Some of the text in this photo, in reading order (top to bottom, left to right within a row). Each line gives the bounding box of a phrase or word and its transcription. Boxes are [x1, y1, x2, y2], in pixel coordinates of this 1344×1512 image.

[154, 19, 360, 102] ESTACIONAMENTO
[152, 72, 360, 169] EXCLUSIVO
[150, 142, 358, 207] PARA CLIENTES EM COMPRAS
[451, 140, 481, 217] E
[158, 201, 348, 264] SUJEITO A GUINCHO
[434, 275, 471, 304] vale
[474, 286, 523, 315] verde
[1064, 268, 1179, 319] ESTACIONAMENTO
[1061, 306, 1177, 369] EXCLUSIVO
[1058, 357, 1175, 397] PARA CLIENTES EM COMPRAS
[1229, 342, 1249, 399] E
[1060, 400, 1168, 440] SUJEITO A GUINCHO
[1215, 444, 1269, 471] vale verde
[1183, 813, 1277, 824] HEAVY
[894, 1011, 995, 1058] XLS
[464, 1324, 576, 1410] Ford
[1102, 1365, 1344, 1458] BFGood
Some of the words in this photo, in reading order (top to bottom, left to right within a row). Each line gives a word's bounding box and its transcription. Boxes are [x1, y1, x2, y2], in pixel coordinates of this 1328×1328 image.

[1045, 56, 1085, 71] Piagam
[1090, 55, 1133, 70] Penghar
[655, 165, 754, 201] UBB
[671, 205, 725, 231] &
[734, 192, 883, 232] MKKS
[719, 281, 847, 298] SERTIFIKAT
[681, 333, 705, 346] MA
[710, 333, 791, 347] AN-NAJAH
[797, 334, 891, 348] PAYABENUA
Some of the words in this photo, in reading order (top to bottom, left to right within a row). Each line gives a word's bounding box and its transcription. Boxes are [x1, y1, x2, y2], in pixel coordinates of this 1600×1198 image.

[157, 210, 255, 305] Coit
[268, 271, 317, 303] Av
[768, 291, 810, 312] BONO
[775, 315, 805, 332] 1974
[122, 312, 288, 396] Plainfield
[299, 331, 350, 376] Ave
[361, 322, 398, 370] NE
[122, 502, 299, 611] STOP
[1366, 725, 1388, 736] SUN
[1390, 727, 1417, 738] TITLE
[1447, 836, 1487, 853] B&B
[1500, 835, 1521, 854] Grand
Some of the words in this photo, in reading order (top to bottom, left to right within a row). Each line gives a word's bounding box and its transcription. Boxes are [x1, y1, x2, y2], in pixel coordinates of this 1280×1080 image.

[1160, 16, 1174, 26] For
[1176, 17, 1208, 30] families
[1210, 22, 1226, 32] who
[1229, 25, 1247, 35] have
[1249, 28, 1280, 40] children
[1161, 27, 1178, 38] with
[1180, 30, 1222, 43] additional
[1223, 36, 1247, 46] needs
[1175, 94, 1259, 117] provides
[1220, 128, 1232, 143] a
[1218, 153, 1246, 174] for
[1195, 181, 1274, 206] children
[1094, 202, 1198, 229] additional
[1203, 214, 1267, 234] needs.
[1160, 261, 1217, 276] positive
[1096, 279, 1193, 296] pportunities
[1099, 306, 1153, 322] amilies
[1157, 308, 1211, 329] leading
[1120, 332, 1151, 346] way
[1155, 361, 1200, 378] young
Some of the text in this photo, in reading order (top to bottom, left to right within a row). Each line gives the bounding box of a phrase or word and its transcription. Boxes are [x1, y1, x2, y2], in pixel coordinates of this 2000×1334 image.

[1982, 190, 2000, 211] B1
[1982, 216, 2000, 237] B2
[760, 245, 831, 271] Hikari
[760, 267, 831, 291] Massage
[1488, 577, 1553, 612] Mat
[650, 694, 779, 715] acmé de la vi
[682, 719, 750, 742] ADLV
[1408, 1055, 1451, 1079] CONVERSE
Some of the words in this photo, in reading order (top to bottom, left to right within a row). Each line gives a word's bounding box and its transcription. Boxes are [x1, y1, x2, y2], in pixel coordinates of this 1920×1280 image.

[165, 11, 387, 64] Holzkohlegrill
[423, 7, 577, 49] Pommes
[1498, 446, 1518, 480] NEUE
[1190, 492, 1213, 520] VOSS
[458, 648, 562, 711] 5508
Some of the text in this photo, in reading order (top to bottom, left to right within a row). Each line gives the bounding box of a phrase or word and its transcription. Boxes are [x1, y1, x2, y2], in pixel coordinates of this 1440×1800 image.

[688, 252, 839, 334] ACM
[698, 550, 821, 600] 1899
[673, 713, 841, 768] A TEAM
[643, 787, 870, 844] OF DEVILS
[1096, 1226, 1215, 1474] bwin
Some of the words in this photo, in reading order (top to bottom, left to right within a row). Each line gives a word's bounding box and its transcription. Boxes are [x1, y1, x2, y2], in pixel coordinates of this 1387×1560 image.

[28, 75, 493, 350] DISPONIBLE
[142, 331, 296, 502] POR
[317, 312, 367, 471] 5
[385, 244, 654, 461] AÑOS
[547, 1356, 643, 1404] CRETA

**About this task**
Exactly the lines from the one with "this 1440×1800 image." through the end of the entries, both included, should be written out, and no others.

**The completed task**
Some of the text in this photo, in reading order (top to bottom, left to right within a row). Each line gives the bounding box of a phrase or word and its transcription. Boxes are [x1, y1, x2, y2], in pixel coordinates of this 1440×1800 image.

[688, 252, 839, 334] ACM
[698, 550, 821, 600] 1899
[673, 713, 841, 768] A TEAM
[643, 787, 870, 844] OF DEVILS
[1096, 1226, 1215, 1474] bwin
Some of the words in this photo, in reading order (top to bottom, left to right within a row). Each line gives a word's bounding box and its transcription. Boxes are [x1, y1, x2, y2], in pixel coordinates of this 1387×1560 image.

[28, 75, 493, 350] DISPONIBLE
[142, 331, 296, 502] POR
[317, 312, 367, 471] 5
[385, 244, 654, 461] AÑOS
[547, 1356, 643, 1404] CRETA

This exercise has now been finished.